Produce a faithful copy of every record below, without the pictures.

++++ Data provided

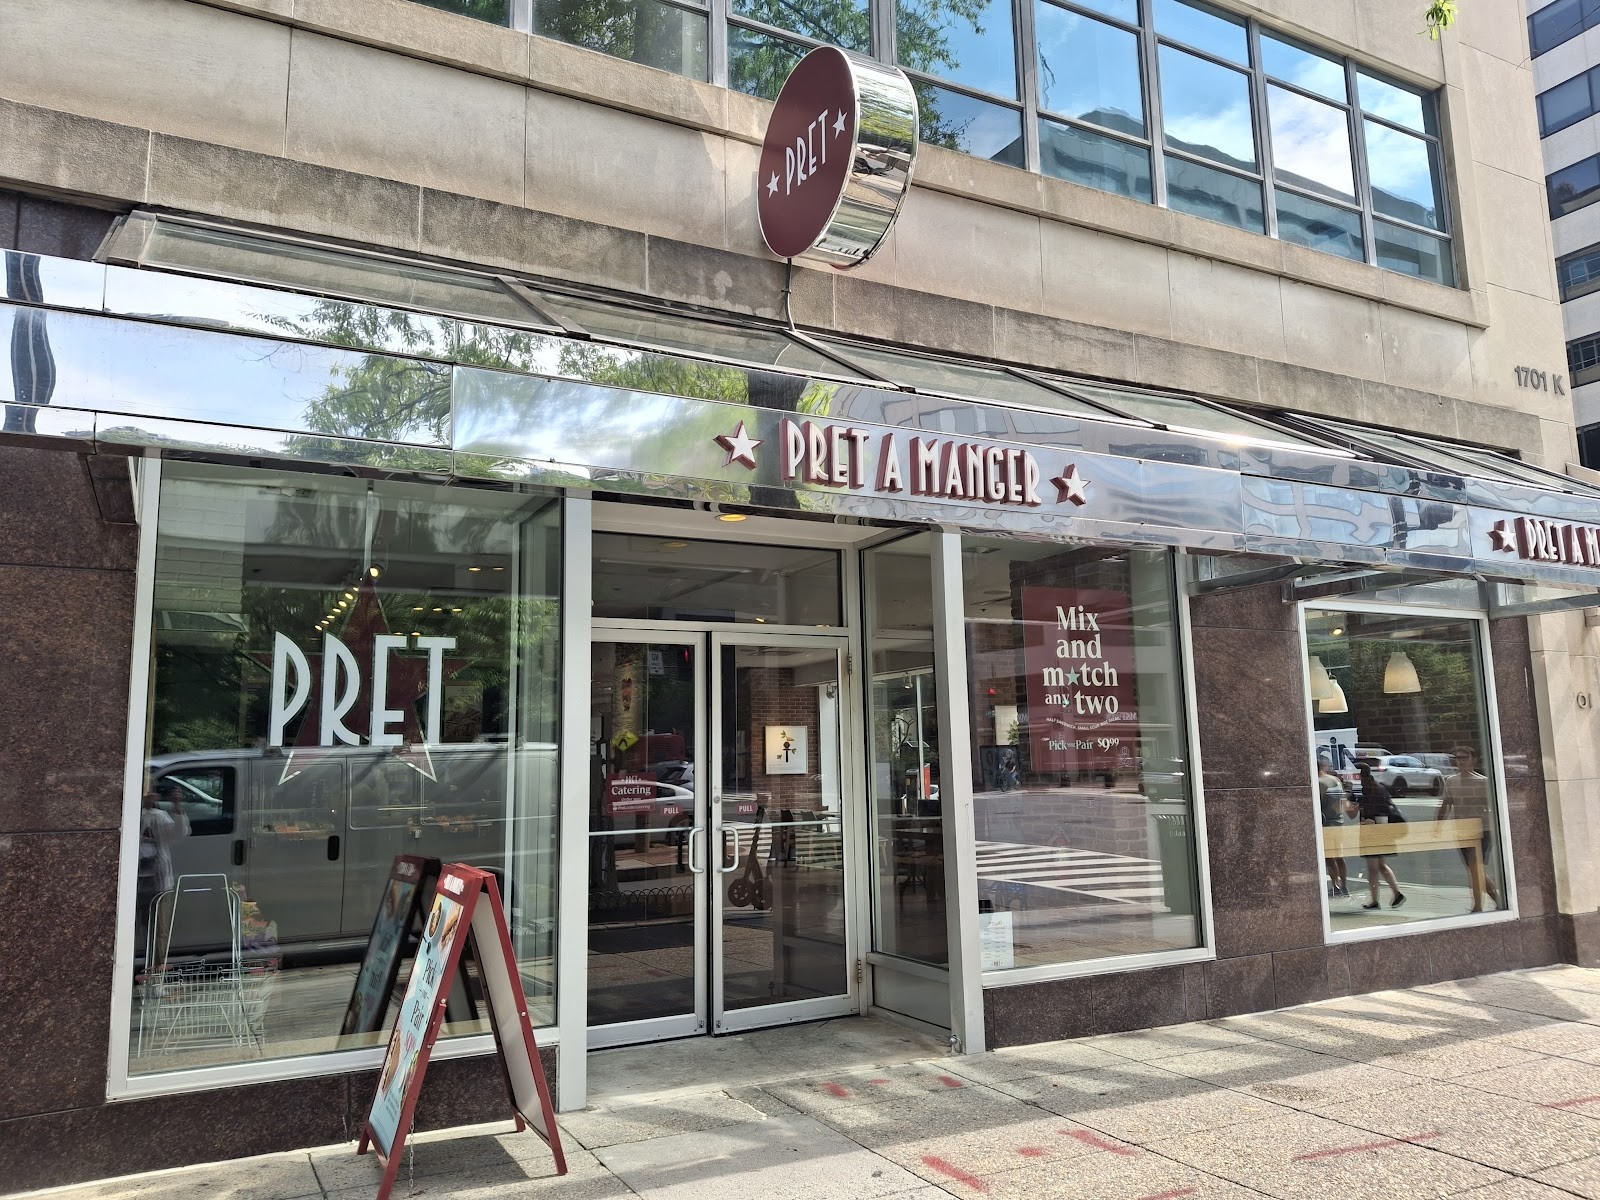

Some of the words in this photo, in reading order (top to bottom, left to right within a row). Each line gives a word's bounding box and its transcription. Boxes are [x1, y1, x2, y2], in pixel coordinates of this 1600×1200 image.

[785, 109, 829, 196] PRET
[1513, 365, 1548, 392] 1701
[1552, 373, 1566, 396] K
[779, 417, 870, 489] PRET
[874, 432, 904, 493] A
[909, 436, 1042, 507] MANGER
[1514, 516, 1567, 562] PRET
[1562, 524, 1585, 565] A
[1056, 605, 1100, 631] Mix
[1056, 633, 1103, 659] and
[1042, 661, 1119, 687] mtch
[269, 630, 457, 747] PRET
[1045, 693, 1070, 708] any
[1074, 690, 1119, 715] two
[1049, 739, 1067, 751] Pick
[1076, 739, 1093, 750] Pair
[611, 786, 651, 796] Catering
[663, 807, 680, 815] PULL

++++++++

Task response:
Some of the words in this photo, in reading order (top to bottom, left to right within a row). Each line gives a word's bounding box and its transcription. Boxes are [x1, y1, x2, y2], in pixel coordinates of this 1600×1200 image.

[785, 109, 829, 196] PRET
[1513, 365, 1548, 392] 1701
[1552, 373, 1566, 396] K
[779, 417, 870, 489] PRET
[874, 432, 904, 493] A
[909, 436, 1042, 507] MANGER
[1514, 516, 1567, 562] PRET
[1562, 524, 1585, 565] A
[1056, 605, 1100, 631] Mix
[1056, 633, 1103, 659] and
[1042, 661, 1119, 687] mtch
[269, 630, 457, 747] PRET
[1045, 693, 1070, 708] any
[1074, 690, 1119, 715] two
[1049, 739, 1067, 751] Pick
[1076, 739, 1093, 750] Pair
[611, 786, 651, 796] Catering
[663, 807, 680, 815] PULL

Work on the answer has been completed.